I don’t understand why southern groups are crying a river, attacking Tambuwal and making empty threats to block Atiku. If their own governors could not shelve their personal ambitions and come together to back the region’s strongest candidate, why did they expect that Tambuwal, a serial political philanderer, will do it for them? Governor Nyesom Wike has complained that Tambuwal broke the party’s guidelines by speaking twice and campaigning after the campaign had closed. But that was not where the treachery started.

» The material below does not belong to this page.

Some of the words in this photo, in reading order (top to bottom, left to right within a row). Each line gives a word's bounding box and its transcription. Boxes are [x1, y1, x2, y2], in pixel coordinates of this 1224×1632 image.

It began with the hypocrisy of Southern governors and political leaders who talk an elephant knowing full well they won’t deliver a cricket. While Atiku was busy mobilising traditional rulers and religious leaders, calling in favours and laying mines to trip even candidates from the region who might stand in his way, with the full backing of Northern elders, political groups in the south were waging their campaign for the presidency through press statements on social media. The chickens have come home to roost.
It’s true that Nigeria’s abhorrent political maths leaves the south-east with the fewest states and fewest local governments as well. But see how the region which has justifiably felt cheated out of the country’s top job treated its own aspirants, sharing a miserable 15 votes out of 91, between two of them, and leaving the third aspirant with zero votes. The remaining votes were obviously invested in currency trafficking.

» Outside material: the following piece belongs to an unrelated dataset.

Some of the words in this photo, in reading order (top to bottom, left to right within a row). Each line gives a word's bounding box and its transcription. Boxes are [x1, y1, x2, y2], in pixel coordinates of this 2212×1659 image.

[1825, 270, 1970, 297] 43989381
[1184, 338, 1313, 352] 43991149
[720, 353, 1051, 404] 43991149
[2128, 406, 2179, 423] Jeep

I laugh at the suggestion that what is left of the south’s misery would be saved by the presidential primary of the ruling All Progressives Congress (APC) next week. There is an anecdote that helps to explain why that will not happen.

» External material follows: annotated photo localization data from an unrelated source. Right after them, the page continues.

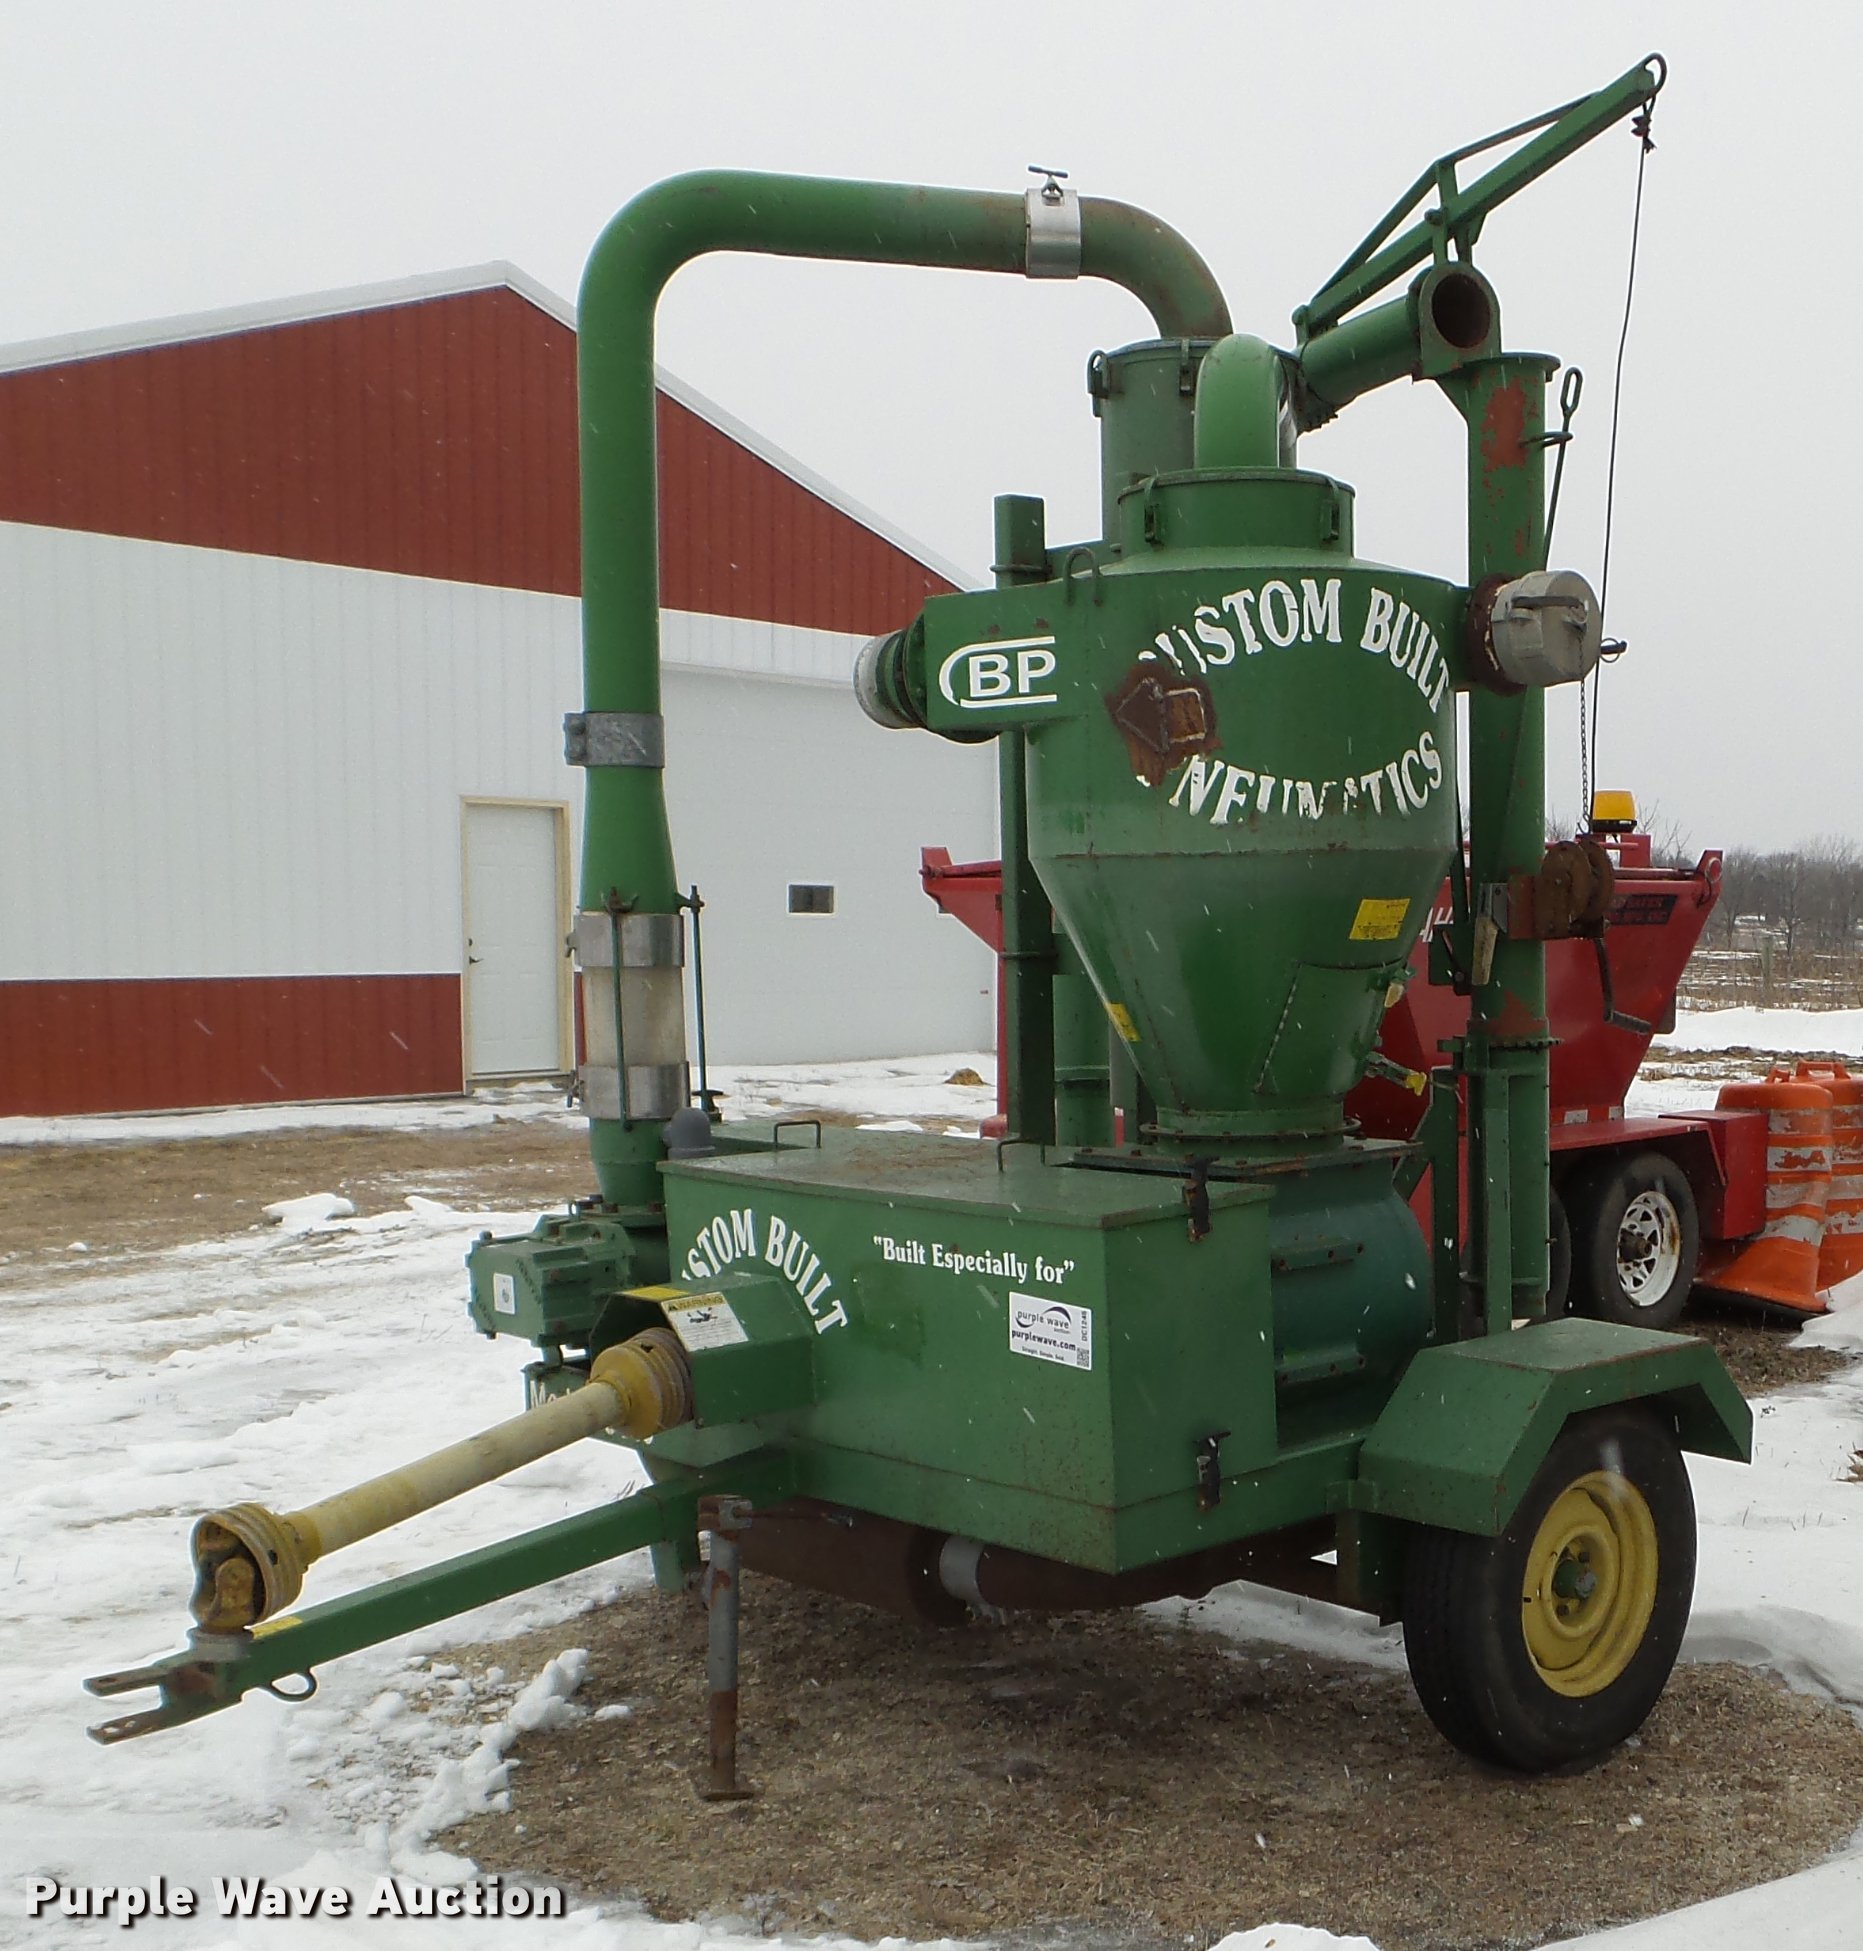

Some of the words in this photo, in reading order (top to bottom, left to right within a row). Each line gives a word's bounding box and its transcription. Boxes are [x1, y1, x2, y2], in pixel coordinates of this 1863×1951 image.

[1138, 578, 1342, 676] USTOM
[1360, 587, 1450, 713] BUILT
[1136, 731, 1443, 825] NEUMTICS
[765, 1215, 848, 1335] BUILT
[931, 1242, 1028, 1284] Especially
[1011, 1330, 1076, 1351] purplewave.com
[1017, 1309, 1044, 1324] purple
[1046, 1317, 1069, 1329] wave

In the wee hours of Monday after the PDP primary, I got an unusual message. It was from a confidante who though not a politician, has exceptional instincts from his training as a mathematician and over six decades of observation and experience of Nigeria’s politics. “2023”, he wrote: “The jigsaw puzzle is falling in place.”
He was referring to an earlier conversation we had after the two major parties scrapped zoning – a convenient political arrangement that served and seduced them – and declared they had finally discovered political orgasm in merit. Once the pretence collapsed and President Muhammadu Buhari said tongue-in-cheek that the party chairman’s zone need not deter any presidential aspirants, my confidante said it was very likely that the two major parties would field northern candidates.
Atiku Abubakar is the first piece of that puzzle. It’s not outside the realm of probability that as the APC conducts its primary next week that Senate President, Ahmed Lawan, could be the second, final piece that completes the shame of southern hypocrisy. And it would be justified, by southerners no less, that the north-east and the north-central are just as marginalised as the south-east!
Like Deng Xiaoping said in his famous parable of white cat and black cat, APC insiders have said the party’s main preoccupation now, is how to stop Atiku; that that is the reason why they attempted to drag former President Goodluck Jonathan into the race, to secure the south-south/south-east, and pair him with Justice Minister and Attorney General of the Federation, Abubakar Malami, to corner the country’s largest vote bank in the north-west. The additional unspoken attraction, of course, was Jonathan’s single four-year term.
Let’s wait and see. If I were a betting man, I would wager that as things stand today, whoever emerges as APC’s candidate would hardly be a match for Atiku Abubakar in next year’s presidential election. And Buhari, who would then be obliged to pretend that he is handing over with a heavy heart, would have nothing to lose. Like it was in 2015, it would be yet another gift from the south.